• Task instructions: Word for word, restate the listing that follows and leave out the images.

• Records for the task:
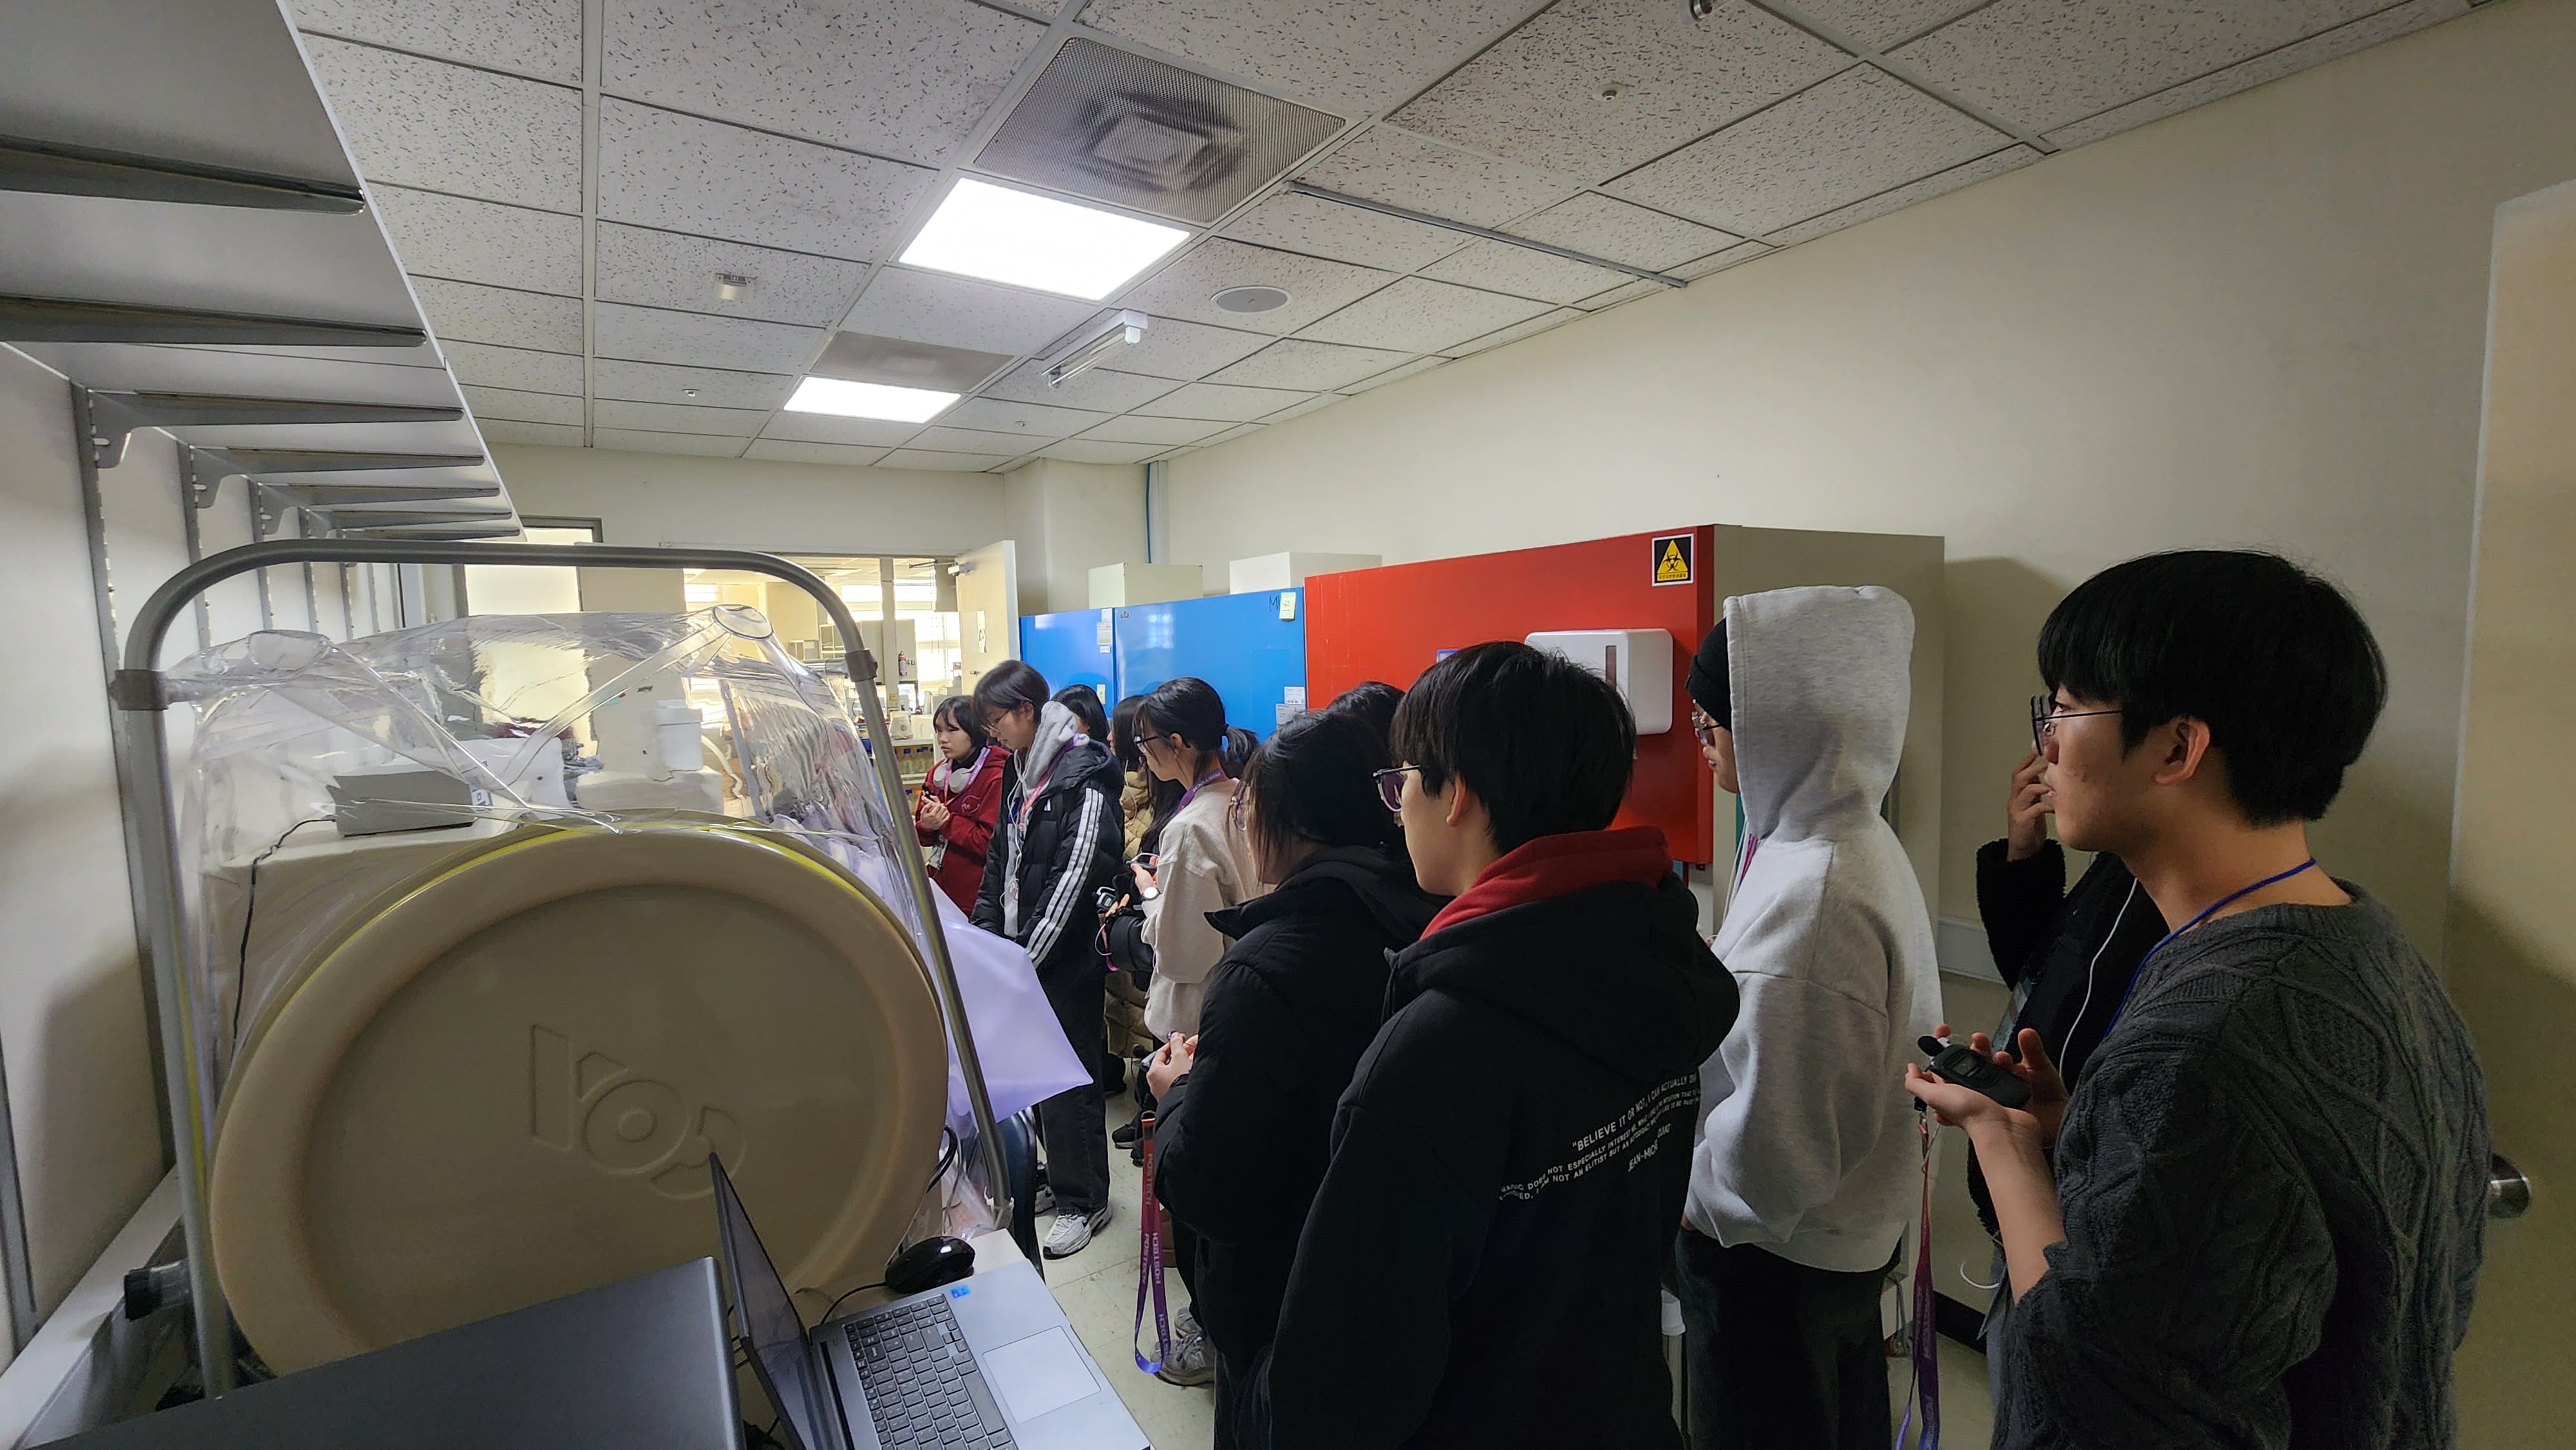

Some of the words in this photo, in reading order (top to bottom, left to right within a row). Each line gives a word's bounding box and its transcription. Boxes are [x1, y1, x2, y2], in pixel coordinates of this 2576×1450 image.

[1619, 1115, 1625, 1127] IT
[1627, 1107, 1634, 1120] OR
[1636, 1097, 1648, 1113] NOT,
[1651, 1086, 1660, 1100] CAN
[1661, 1075, 1687, 1091] ACTUALLY
[1547, 1165, 1563, 1175] NOT
[1567, 1145, 1605, 1171] ESPECIALLY
[1608, 1129, 1630, 1149] INTEREST
[1552, 1174, 1569, 1182] NOT
[1573, 1167, 1583, 1179] AN
[1585, 1153, 1607, 1172] ELITIST
[1609, 1145, 1620, 1157] BUT
[1622, 1140, 1629, 1151] AN
[1145, 1153, 1154, 1205] POSTECH
[1152, 1232, 1161, 1284] POSTECH

• Output for this task:
Some of the words in this photo, in reading order (top to bottom, left to right within a row). Each line gives a word's bounding box and its transcription. Boxes are [x1, y1, x2, y2], in pixel coordinates of this 2576×1450 image.

[1619, 1115, 1625, 1127] IT
[1627, 1107, 1634, 1120] OR
[1636, 1097, 1648, 1113] NOT,
[1651, 1086, 1660, 1100] CAN
[1661, 1075, 1687, 1091] ACTUALLY
[1547, 1165, 1563, 1175] NOT
[1567, 1145, 1605, 1171] ESPECIALLY
[1608, 1129, 1630, 1149] INTEREST
[1552, 1174, 1569, 1182] NOT
[1573, 1167, 1583, 1179] AN
[1585, 1153, 1607, 1172] ELITIST
[1609, 1145, 1620, 1157] BUT
[1622, 1140, 1629, 1151] AN
[1145, 1153, 1154, 1205] POSTECH
[1152, 1232, 1161, 1284] POSTECH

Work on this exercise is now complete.